Every single entry below should be reproduced verbatim.

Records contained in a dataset
- - -

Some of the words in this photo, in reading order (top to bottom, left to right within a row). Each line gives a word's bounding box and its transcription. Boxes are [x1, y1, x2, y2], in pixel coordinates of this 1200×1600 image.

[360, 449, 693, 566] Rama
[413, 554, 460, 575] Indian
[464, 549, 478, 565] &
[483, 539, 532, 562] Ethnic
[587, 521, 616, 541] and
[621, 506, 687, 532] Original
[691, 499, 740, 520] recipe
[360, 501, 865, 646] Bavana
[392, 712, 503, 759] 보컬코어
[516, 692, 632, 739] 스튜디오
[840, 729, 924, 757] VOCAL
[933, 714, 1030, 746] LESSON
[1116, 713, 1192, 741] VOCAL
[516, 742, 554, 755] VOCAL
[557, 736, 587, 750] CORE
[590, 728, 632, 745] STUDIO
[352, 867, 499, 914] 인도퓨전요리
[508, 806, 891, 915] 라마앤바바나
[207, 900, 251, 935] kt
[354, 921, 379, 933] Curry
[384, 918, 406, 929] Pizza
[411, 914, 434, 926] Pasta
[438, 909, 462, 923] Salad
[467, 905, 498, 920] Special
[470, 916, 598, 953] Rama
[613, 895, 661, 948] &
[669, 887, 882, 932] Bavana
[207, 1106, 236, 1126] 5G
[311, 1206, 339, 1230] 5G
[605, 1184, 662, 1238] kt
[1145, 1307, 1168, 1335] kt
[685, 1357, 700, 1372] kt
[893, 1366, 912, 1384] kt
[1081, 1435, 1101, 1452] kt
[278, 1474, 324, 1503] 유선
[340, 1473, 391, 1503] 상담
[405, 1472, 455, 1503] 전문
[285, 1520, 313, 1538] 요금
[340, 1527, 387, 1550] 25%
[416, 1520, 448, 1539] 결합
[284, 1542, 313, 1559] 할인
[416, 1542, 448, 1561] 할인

- - -

# Answer
Some of the words in this photo, in reading order (top to bottom, left to right within a row). Each line gives a word's bounding box and its transcription. Boxes are [x1, y1, x2, y2], in pixel coordinates of this 1200×1600 image.

[360, 449, 693, 566] Rama
[413, 554, 460, 575] Indian
[464, 549, 478, 565] &
[483, 539, 532, 562] Ethnic
[587, 521, 616, 541] and
[621, 506, 687, 532] Original
[691, 499, 740, 520] recipe
[360, 501, 865, 646] Bavana
[392, 712, 503, 759] 보컬코어
[516, 692, 632, 739] 스튜디오
[840, 729, 924, 757] VOCAL
[933, 714, 1030, 746] LESSON
[1116, 713, 1192, 741] VOCAL
[516, 742, 554, 755] VOCAL
[557, 736, 587, 750] CORE
[590, 728, 632, 745] STUDIO
[352, 867, 499, 914] 인도퓨전요리
[508, 806, 891, 915] 라마앤바바나
[207, 900, 251, 935] kt
[354, 921, 379, 933] Curry
[384, 918, 406, 929] Pizza
[411, 914, 434, 926] Pasta
[438, 909, 462, 923] Salad
[467, 905, 498, 920] Special
[470, 916, 598, 953] Rama
[613, 895, 661, 948] &
[669, 887, 882, 932] Bavana
[207, 1106, 236, 1126] 5G
[311, 1206, 339, 1230] 5G
[605, 1184, 662, 1238] kt
[1145, 1307, 1168, 1335] kt
[685, 1357, 700, 1372] kt
[893, 1366, 912, 1384] kt
[1081, 1435, 1101, 1452] kt
[278, 1474, 324, 1503] 유선
[340, 1473, 391, 1503] 상담
[405, 1472, 455, 1503] 전문
[285, 1520, 313, 1538] 요금
[340, 1527, 387, 1550] 25%
[416, 1520, 448, 1539] 결합
[284, 1542, 313, 1559] 할인
[416, 1542, 448, 1561] 할인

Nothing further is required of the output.